::: DATA PROVIDED

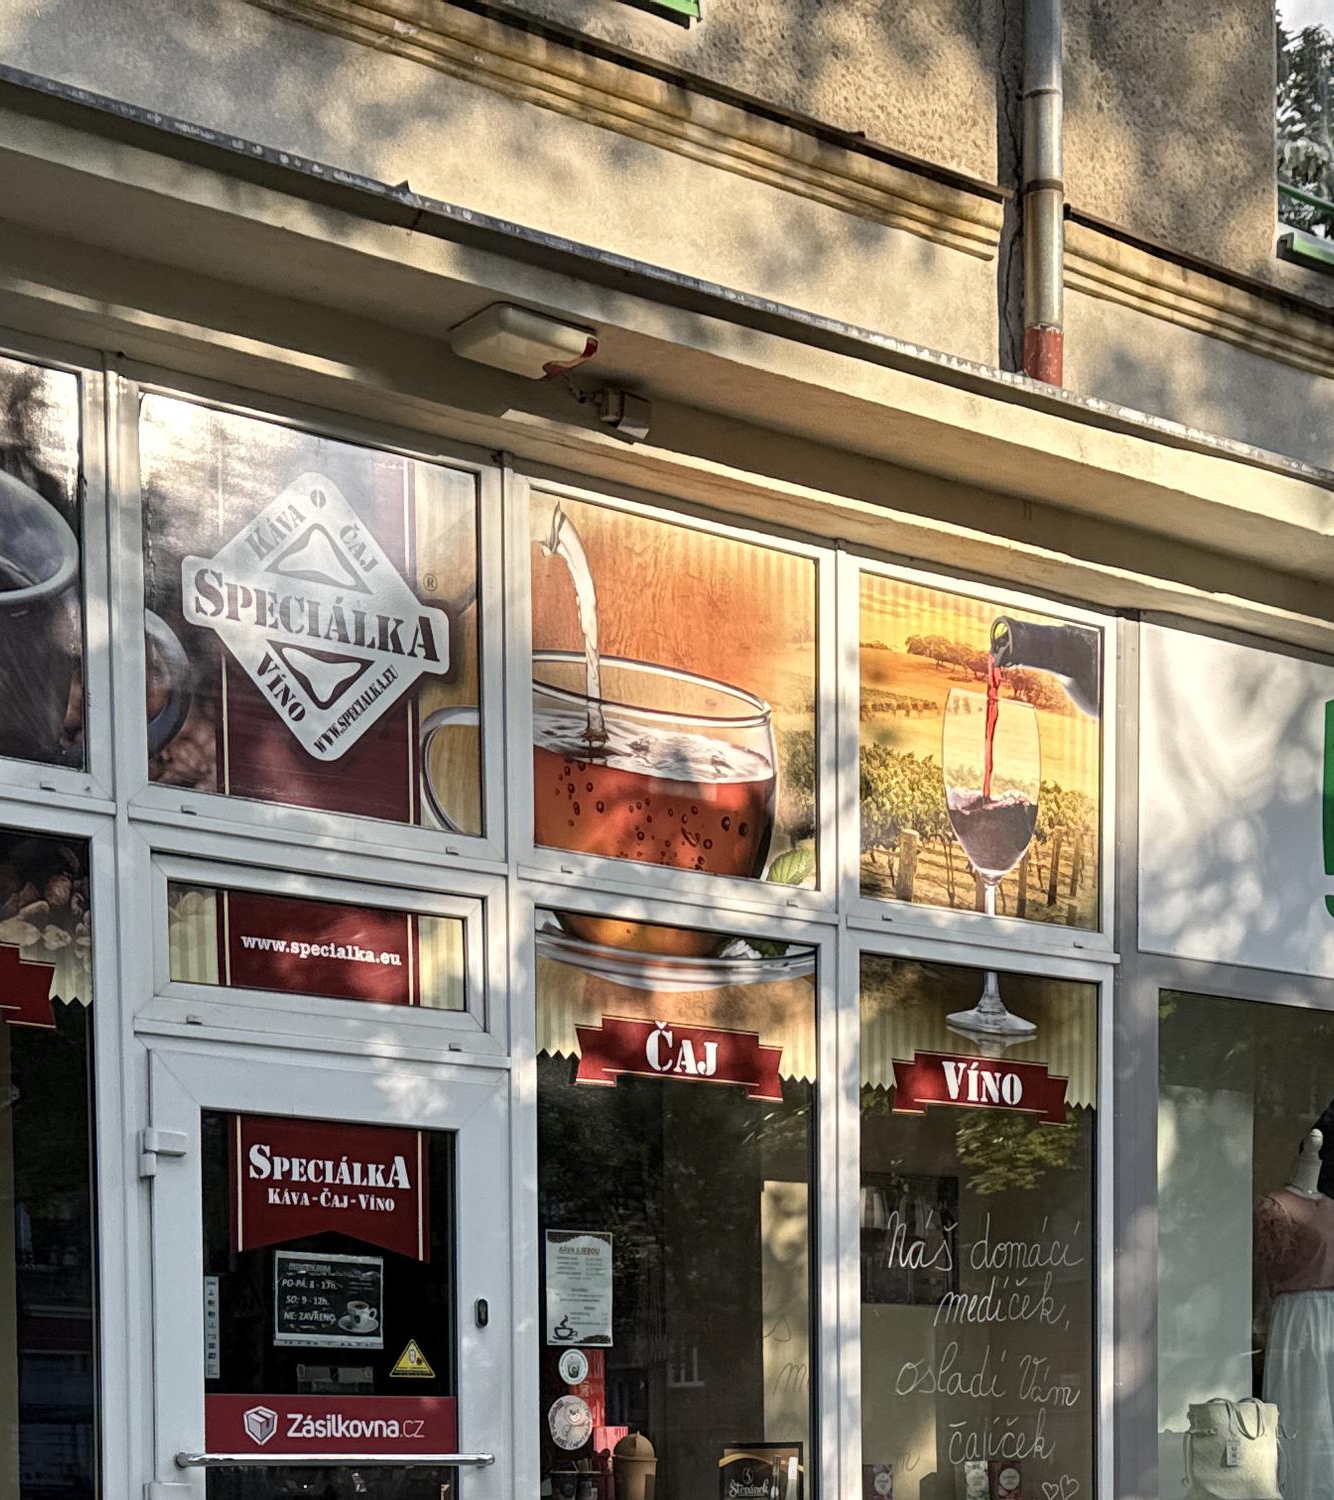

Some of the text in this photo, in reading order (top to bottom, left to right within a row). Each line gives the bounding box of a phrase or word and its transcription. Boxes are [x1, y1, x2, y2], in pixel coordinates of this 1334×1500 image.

[243, 503, 307, 560] KÁVA
[338, 523, 380, 572] ČAJ
[194, 567, 441, 663] SPECIÁLKA
[256, 651, 307, 723] VÍNO
[313, 663, 399, 754] WWW.SPECIALKA.EU
[240, 935, 402, 966] www.specialka.eu
[645, 1020, 720, 1077] ČAJ
[941, 1060, 1024, 1106] VÍNO
[248, 1143, 412, 1190] SPECIÁLKA
[267, 1187, 395, 1213] KÁVA ČAJ VÍNO
[887, 1209, 1086, 1272] Náš domácí
[1018, 1354, 1081, 1407] Vám
[286, 1412, 426, 1439] Zásilkovna.cz
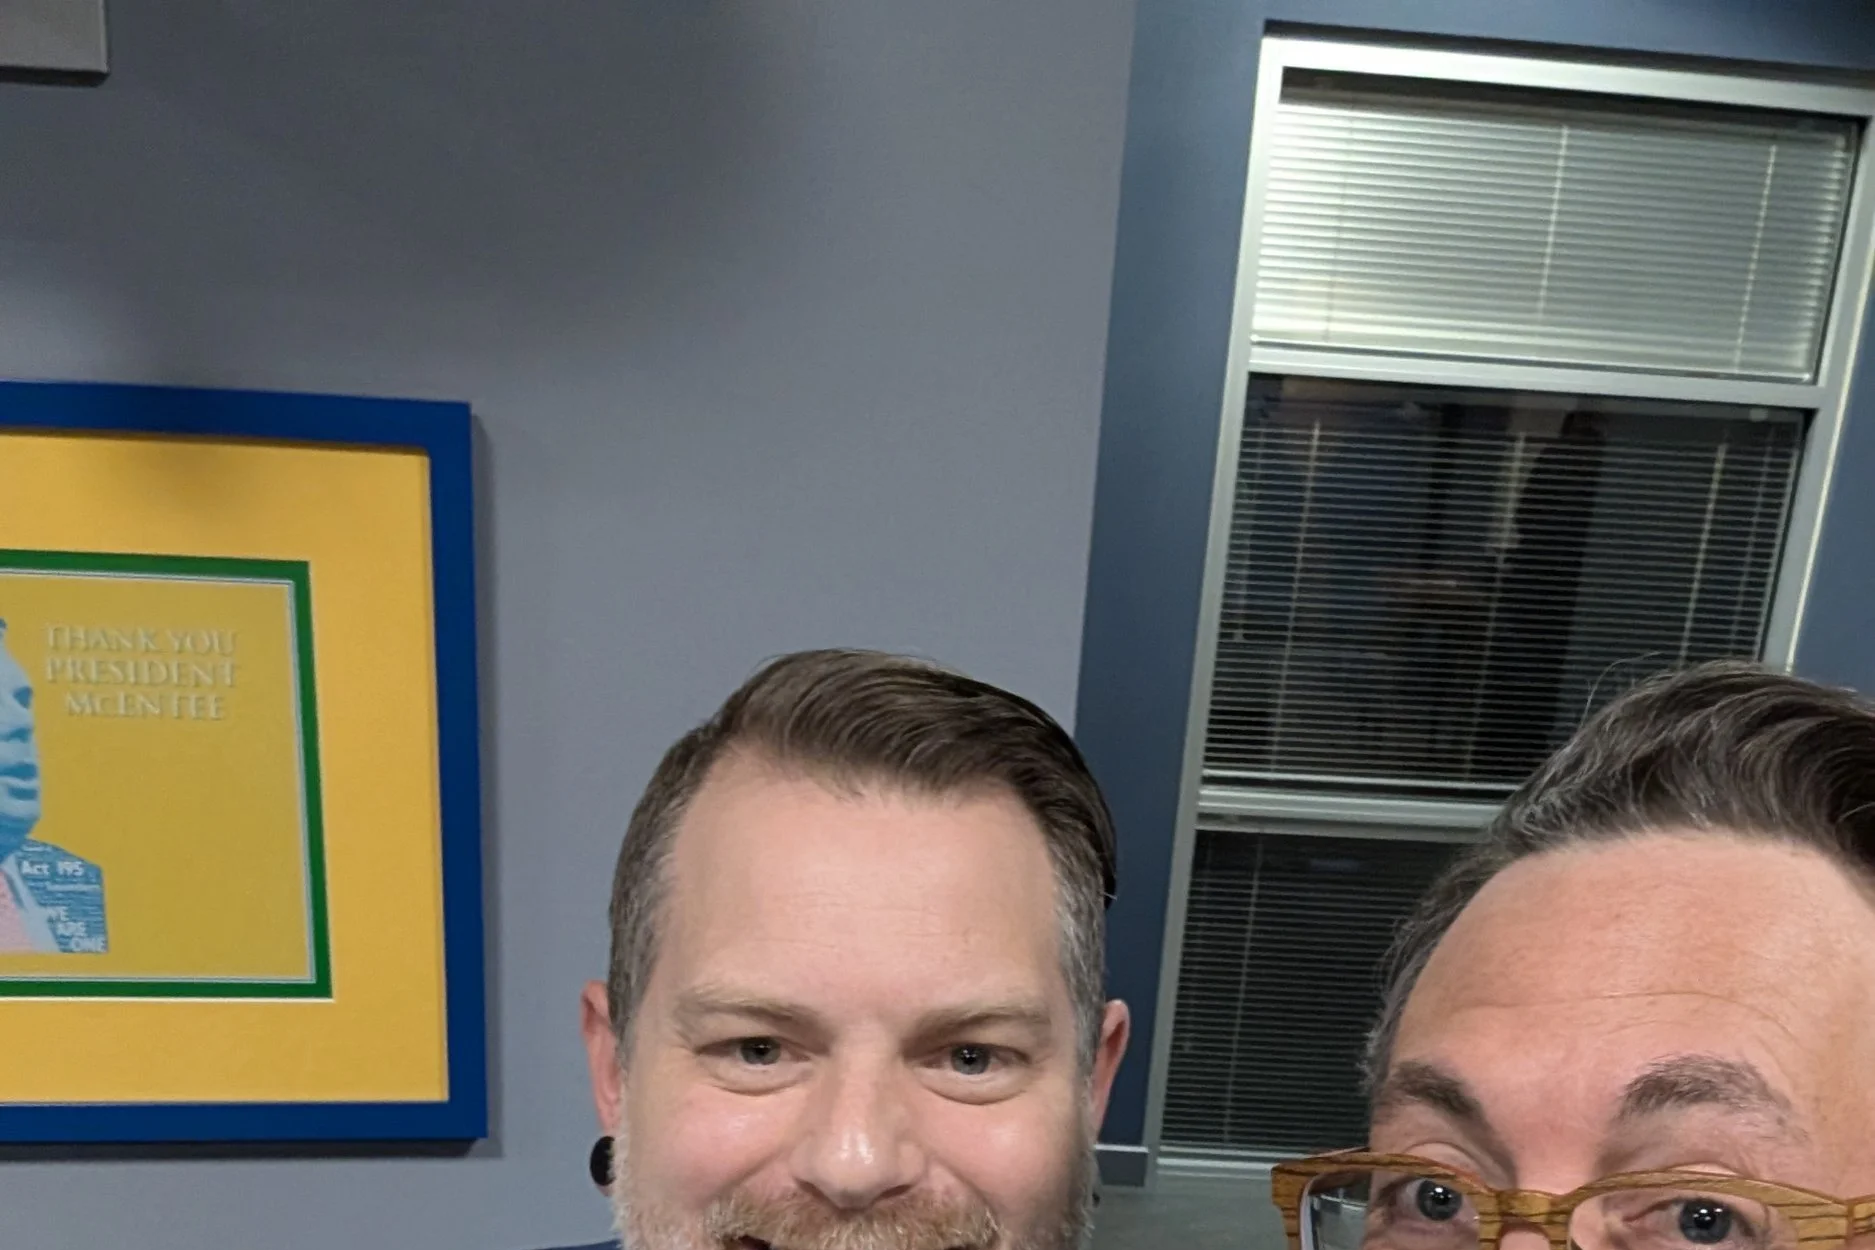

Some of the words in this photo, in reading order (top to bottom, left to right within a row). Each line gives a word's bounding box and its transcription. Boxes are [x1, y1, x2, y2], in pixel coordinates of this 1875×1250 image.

[46, 625, 161, 653] THANK
[167, 629, 237, 655] YOU
[46, 657, 236, 688] PRESIDENT

::::::

WHAT THE EXERCISE ASKS. Give all of the material again, exactly, apart from the pictures.

RESPONSE AREA.
Some of the text in this photo, in reading order (top to bottom, left to right within a row). Each line gives the bounding box of a phrase or word and its transcription. Boxes are [x1, y1, x2, y2], in pixel coordinates of this 1334×1500 image.

[243, 503, 307, 560] KÁVA
[338, 523, 380, 572] ČAJ
[194, 567, 441, 663] SPECIÁLKA
[256, 651, 307, 723] VÍNO
[313, 663, 399, 754] WWW.SPECIALKA.EU
[240, 935, 402, 966] www.specialka.eu
[645, 1020, 720, 1077] ČAJ
[941, 1060, 1024, 1106] VÍNO
[248, 1143, 412, 1190] SPECIÁLKA
[267, 1187, 395, 1213] KÁVA ČAJ VÍNO
[887, 1209, 1086, 1272] Náš domácí
[1018, 1354, 1081, 1407] Vám
[286, 1412, 426, 1439] Zásilkovna.cz

Some of the words in this photo, in reading order (top to bottom, left to right within a row). Each line gives a word's bounding box and its transcription. Boxes are [x1, y1, x2, y2], in pixel coordinates of this 1875×1250 image.

[46, 625, 161, 653] THANK
[167, 629, 237, 655] YOU
[46, 657, 236, 688] PRESIDENT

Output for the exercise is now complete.